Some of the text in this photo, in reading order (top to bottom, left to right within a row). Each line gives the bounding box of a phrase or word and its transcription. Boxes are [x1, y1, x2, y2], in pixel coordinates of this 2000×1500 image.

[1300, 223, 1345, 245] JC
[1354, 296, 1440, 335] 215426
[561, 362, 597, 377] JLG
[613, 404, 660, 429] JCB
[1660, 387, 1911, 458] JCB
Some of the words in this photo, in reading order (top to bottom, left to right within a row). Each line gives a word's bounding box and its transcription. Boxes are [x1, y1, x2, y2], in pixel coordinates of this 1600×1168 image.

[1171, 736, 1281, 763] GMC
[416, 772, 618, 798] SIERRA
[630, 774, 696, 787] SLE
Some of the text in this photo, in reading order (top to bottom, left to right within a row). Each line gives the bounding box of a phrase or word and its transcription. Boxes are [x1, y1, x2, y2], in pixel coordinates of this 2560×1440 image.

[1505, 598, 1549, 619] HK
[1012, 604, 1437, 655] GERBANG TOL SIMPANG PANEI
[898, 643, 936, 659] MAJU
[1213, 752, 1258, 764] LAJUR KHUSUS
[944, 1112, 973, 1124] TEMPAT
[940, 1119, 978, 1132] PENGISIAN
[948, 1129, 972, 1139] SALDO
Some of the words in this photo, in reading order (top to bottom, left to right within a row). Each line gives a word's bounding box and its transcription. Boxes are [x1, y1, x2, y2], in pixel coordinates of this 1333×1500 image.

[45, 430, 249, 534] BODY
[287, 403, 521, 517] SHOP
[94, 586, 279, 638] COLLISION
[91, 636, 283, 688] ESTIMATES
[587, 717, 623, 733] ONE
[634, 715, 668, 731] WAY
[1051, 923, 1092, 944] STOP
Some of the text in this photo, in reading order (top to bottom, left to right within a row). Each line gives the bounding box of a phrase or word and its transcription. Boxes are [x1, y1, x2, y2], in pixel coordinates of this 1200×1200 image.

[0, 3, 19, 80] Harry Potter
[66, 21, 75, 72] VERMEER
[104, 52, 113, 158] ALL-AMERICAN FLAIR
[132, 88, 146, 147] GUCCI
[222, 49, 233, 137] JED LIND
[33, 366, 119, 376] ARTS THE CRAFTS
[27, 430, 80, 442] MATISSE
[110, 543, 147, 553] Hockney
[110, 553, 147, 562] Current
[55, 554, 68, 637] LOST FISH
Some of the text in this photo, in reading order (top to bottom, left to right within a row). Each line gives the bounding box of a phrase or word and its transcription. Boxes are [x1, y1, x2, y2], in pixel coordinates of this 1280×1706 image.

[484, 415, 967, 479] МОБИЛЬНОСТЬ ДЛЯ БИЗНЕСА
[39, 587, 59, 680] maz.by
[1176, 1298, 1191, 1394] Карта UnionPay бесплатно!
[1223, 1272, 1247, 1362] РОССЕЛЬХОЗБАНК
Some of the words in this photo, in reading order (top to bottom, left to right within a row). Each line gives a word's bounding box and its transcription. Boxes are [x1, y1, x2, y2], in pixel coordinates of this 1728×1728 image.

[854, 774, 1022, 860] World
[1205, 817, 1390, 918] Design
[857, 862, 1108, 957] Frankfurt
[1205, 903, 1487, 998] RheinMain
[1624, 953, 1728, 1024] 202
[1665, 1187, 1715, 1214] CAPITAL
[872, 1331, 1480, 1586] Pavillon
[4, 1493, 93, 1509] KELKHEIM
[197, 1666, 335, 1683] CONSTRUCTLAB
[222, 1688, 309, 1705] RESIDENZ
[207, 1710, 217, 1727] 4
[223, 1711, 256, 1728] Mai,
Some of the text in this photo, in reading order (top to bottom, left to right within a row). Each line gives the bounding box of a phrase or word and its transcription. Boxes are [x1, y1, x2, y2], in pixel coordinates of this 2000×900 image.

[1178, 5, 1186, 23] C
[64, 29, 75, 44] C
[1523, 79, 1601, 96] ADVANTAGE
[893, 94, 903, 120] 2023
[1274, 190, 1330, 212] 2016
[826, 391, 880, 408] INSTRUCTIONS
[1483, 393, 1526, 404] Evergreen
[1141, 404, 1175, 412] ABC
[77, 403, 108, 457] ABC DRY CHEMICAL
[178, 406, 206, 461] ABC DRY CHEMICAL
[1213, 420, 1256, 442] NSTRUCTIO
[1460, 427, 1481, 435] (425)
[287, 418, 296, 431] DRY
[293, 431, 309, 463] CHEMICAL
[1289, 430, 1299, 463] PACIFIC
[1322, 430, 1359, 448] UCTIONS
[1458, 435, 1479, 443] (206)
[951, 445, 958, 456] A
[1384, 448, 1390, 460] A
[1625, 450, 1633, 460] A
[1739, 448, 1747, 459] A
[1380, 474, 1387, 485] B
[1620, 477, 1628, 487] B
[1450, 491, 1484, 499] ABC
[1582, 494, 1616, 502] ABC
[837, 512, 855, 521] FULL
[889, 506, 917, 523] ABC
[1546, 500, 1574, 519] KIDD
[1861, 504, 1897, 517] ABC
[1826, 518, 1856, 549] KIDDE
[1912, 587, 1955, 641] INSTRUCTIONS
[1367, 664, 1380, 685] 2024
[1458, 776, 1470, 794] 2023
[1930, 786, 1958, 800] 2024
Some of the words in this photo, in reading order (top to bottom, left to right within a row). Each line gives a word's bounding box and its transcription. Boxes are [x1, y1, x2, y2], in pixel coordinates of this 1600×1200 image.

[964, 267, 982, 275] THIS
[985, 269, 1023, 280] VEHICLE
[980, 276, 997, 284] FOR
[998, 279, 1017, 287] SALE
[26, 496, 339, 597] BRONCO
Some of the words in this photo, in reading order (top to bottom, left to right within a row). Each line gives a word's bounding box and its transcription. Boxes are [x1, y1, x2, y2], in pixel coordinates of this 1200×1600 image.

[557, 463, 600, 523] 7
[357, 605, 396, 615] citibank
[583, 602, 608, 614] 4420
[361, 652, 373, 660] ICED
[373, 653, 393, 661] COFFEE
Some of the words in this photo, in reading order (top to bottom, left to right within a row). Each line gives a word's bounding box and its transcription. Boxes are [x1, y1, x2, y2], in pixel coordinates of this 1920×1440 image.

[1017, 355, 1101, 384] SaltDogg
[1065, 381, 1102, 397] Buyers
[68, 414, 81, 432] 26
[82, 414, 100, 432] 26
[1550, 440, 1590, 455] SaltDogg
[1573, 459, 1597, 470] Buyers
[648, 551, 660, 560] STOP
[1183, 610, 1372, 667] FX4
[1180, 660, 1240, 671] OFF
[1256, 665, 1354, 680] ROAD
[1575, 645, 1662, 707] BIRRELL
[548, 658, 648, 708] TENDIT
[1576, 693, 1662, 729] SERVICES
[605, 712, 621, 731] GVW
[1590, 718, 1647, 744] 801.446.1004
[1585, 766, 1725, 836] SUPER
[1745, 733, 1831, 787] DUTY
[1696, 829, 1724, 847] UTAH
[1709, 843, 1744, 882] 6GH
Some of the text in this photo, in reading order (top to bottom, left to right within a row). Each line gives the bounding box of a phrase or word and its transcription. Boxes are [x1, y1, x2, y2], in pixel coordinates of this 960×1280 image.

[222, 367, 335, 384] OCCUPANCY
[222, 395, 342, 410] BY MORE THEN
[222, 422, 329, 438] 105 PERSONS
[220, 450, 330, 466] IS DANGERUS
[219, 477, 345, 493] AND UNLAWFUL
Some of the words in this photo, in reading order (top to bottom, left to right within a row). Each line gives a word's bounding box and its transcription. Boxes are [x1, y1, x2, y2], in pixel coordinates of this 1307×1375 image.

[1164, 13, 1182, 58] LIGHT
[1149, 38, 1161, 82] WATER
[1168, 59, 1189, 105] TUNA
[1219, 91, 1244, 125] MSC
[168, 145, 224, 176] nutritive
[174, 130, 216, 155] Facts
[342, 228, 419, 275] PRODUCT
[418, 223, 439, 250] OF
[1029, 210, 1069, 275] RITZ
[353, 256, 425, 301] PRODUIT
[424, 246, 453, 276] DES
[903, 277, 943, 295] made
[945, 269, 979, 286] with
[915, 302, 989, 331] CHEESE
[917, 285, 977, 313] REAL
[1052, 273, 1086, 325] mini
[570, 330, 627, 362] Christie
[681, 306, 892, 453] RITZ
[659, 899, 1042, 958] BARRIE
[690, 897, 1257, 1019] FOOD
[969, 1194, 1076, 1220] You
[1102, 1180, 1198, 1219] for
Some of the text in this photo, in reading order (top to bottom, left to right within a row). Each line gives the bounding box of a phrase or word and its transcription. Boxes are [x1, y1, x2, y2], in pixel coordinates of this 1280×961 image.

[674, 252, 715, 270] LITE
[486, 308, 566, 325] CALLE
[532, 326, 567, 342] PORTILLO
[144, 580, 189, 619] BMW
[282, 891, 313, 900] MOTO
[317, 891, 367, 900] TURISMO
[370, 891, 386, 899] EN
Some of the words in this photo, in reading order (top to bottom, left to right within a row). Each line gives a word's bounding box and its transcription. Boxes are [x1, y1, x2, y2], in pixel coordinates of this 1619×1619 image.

....

About this task: Beginning at the line that contains "this 1307×1375 image.", give again every line down to the end of the material, exactly as written, and stop there.

Result of this exercise:
Some of the words in this photo, in reading order (top to bottom, left to right within a row). Each line gives a word's bounding box and its transcription. Boxes are [x1, y1, x2, y2], in pixel coordinates of this 1307×1375 image.

[1164, 13, 1182, 58] LIGHT
[1149, 38, 1161, 82] WATER
[1168, 59, 1189, 105] TUNA
[1219, 91, 1244, 125] MSC
[168, 145, 224, 176] nutritive
[174, 130, 216, 155] Facts
[342, 228, 419, 275] PRODUCT
[418, 223, 439, 250] OF
[1029, 210, 1069, 275] RITZ
[353, 256, 425, 301] PRODUIT
[424, 246, 453, 276] DES
[903, 277, 943, 295] made
[945, 269, 979, 286] with
[915, 302, 989, 331] CHEESE
[917, 285, 977, 313] REAL
[1052, 273, 1086, 325] mini
[570, 330, 627, 362] Christie
[681, 306, 892, 453] RITZ
[659, 899, 1042, 958] BARRIE
[690, 897, 1257, 1019] FOOD
[969, 1194, 1076, 1220] You
[1102, 1180, 1198, 1219] for
Some of the text in this photo, in reading order (top to bottom, left to right within a row). Each line gives the bounding box of a phrase or word and its transcription. Boxes are [x1, y1, x2, y2], in pixel coordinates of this 1280×961 image.

[674, 252, 715, 270] LITE
[486, 308, 566, 325] CALLE
[532, 326, 567, 342] PORTILLO
[144, 580, 189, 619] BMW
[282, 891, 313, 900] MOTO
[317, 891, 367, 900] TURISMO
[370, 891, 386, 899] EN
Some of the words in this photo, in reading order (top to bottom, left to right within a row). Each line gives a word's bounding box and its transcription. Boxes are [x1, y1, x2, y2], in pixel coordinates of this 1619×1619 image.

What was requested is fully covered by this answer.